Abstract 144: Role of Iron Metabolism on Outcomes after Cardiac Arrest and Resuscitation in Mice

Abstract

Introduction: Ischemia and reperfusion (I/R) induces hepcidin in neurons and macrophages. Hepcidin downregulates ferroportin, the only known iron exporter, thereby inhibiting iron efflux and increases iron in ferroportin rich cells while decreasing serum iron. Increased intracellular iron after I/R induces ferroptosis, a regulated cell death characterized by iron-dependent lipid peroxidation. We hypothesized that hepcidin-induced sequestration of iron in neurons and macrophages, both of which express ferroportin, worsens post-cardiac arrest (CA) brain injury.

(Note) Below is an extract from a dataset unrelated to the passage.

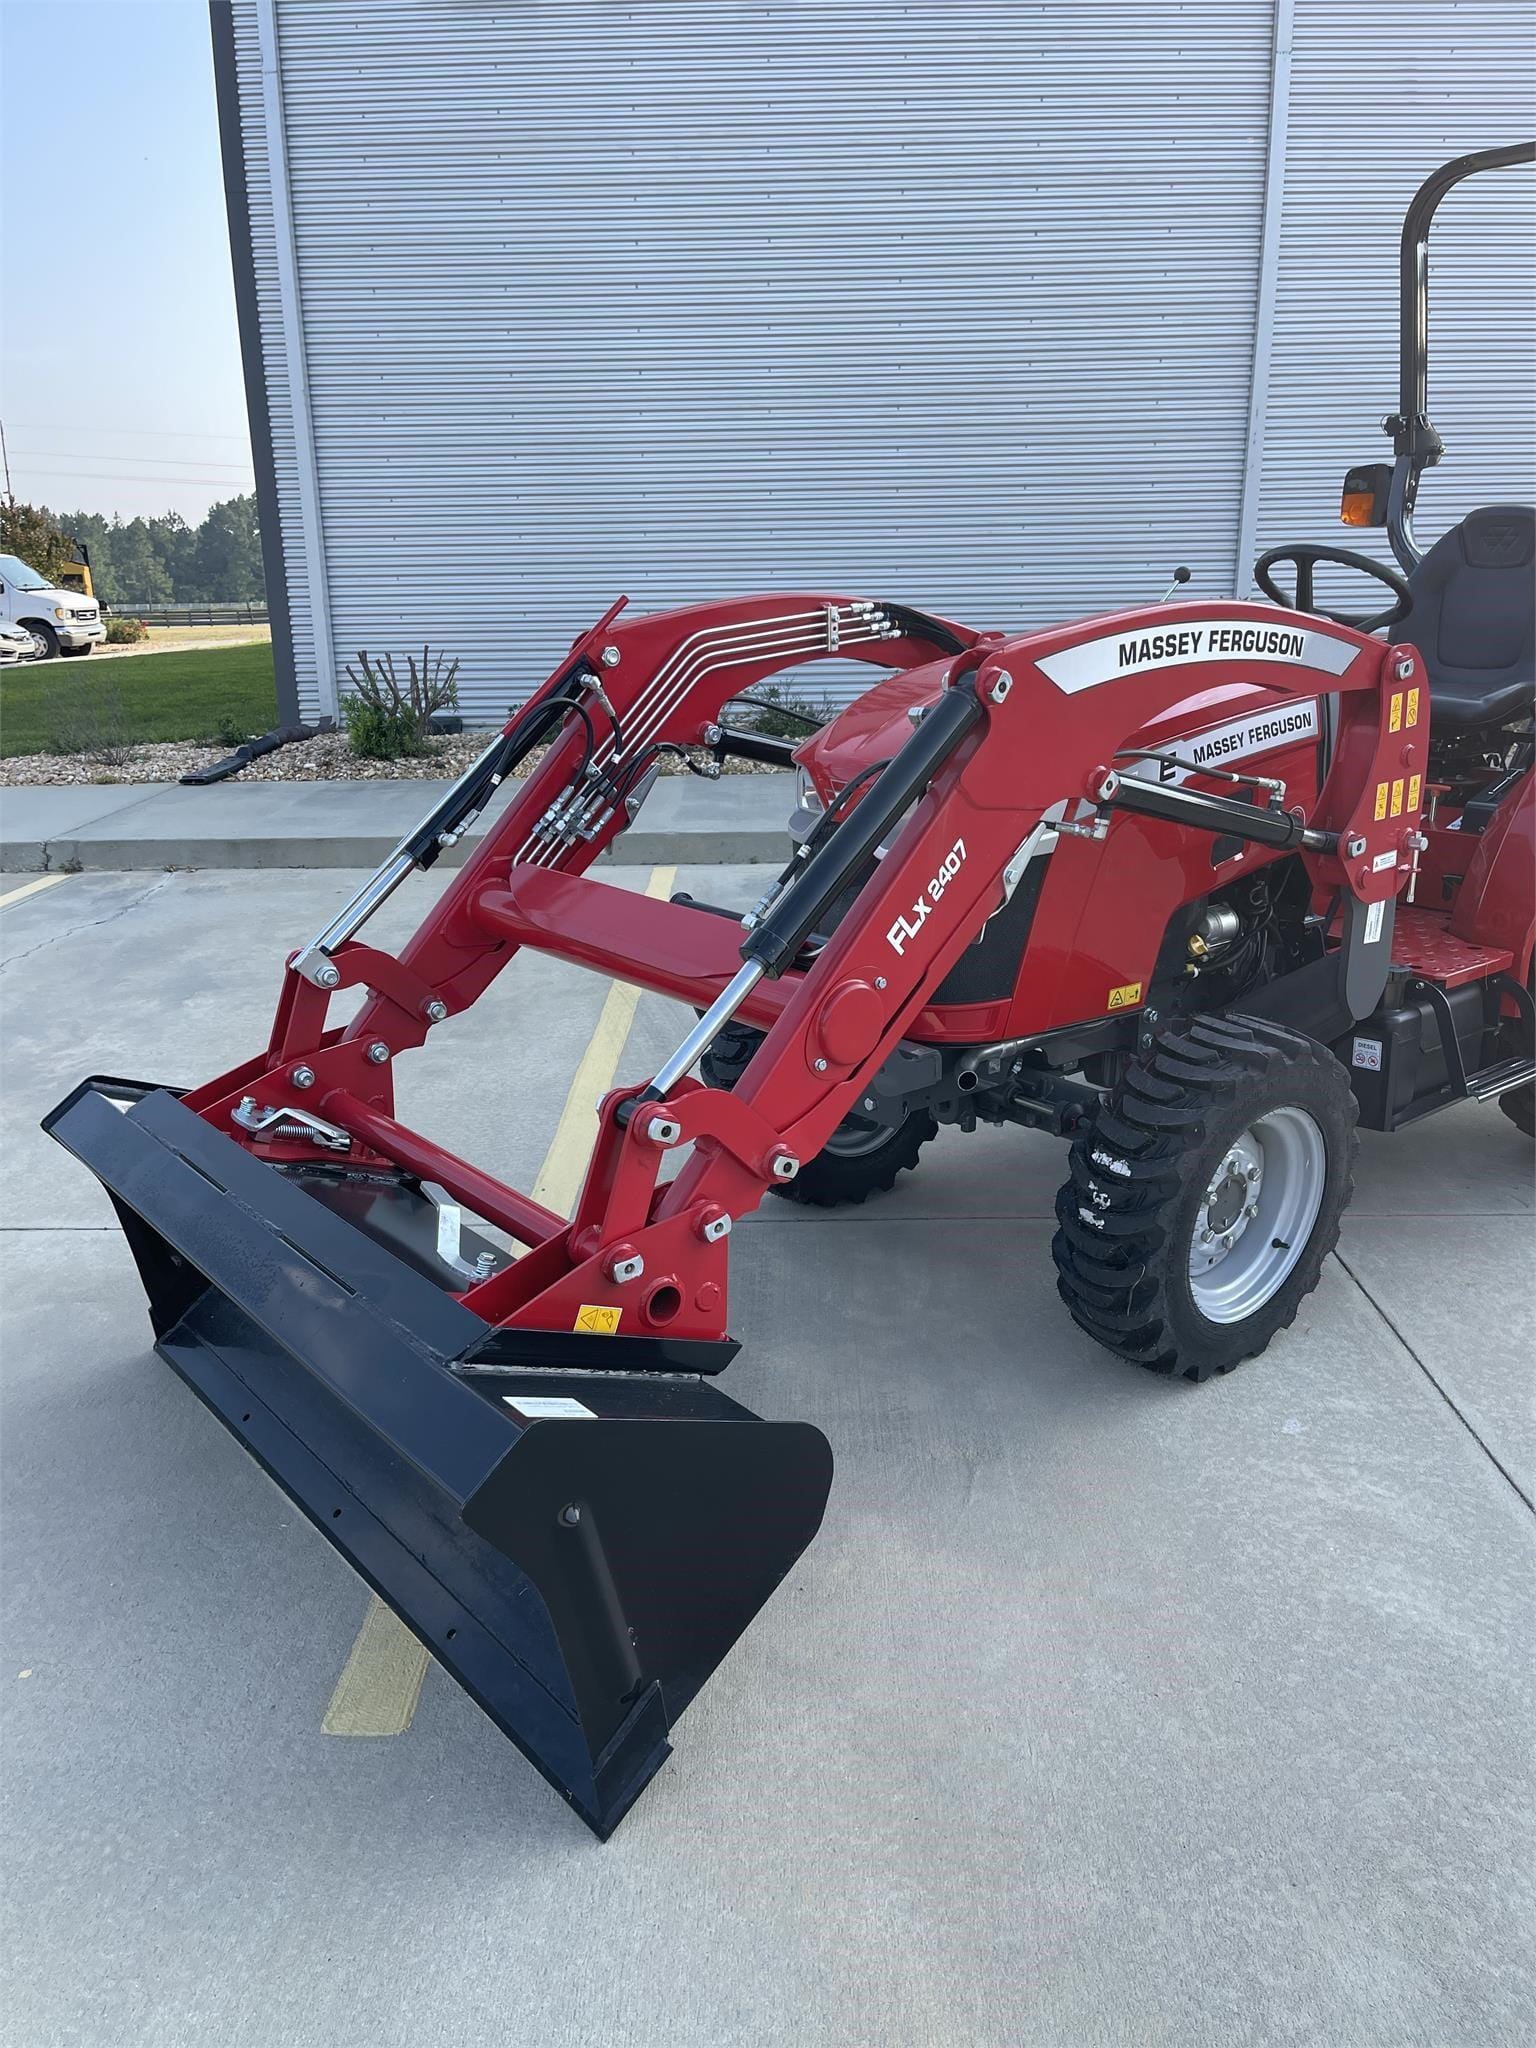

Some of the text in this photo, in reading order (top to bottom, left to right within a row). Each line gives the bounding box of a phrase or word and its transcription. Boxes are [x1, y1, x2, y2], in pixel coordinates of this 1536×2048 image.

Methods: Levels of hepcidin, iron, and a lipid peroxidation product, malondialdehyde; and expression of HAMP that encodes hepcidin, transferrin receptor 1, and markers of ferroptosis, PTGS2 and CHAC1, were measured in naïve and post-CA wild-type (WT) mice. To examine the effects of hepcidin on CA outcomes, hepcidin-deficient and WT mice were subjected to potassium-induced 8 min of CA followed by cardiopulmonary resuscitation (CPR). To determine the role of increased intracellular iron after CA/CPR, we administered iron-dextran (300 mg/kg IP) or vehicle to WT mice 24h before CA. The effect of liproxstatin-1, a ferroptosis inhibitor, on cell viability was assessed in murine primary cortical neurons after oxygen-glucose deprivation/reperfusion (OGD/R) with iron-loading. Results: Post-CA WT mice exhibited increased systemic HAMP expression, intracellular iron in spleen, and ferroptosis in brain. Hepcidin deficiency that decreases intracellular iron improved survival and neurological function after CA/CPR, whereas pre-arrest iron-loading that increases intracellular iron worsened survival and neurological function after CA/CPR (Fig. 1). Liproxstatin-1 improved neuron viability after OGD/R with iron-loading. Conclusions: Our data suggest that inhibiting hepcidin improves post-CA neurological outcomes by reducing intracellular iron and ferroptosis-induced neuronal death.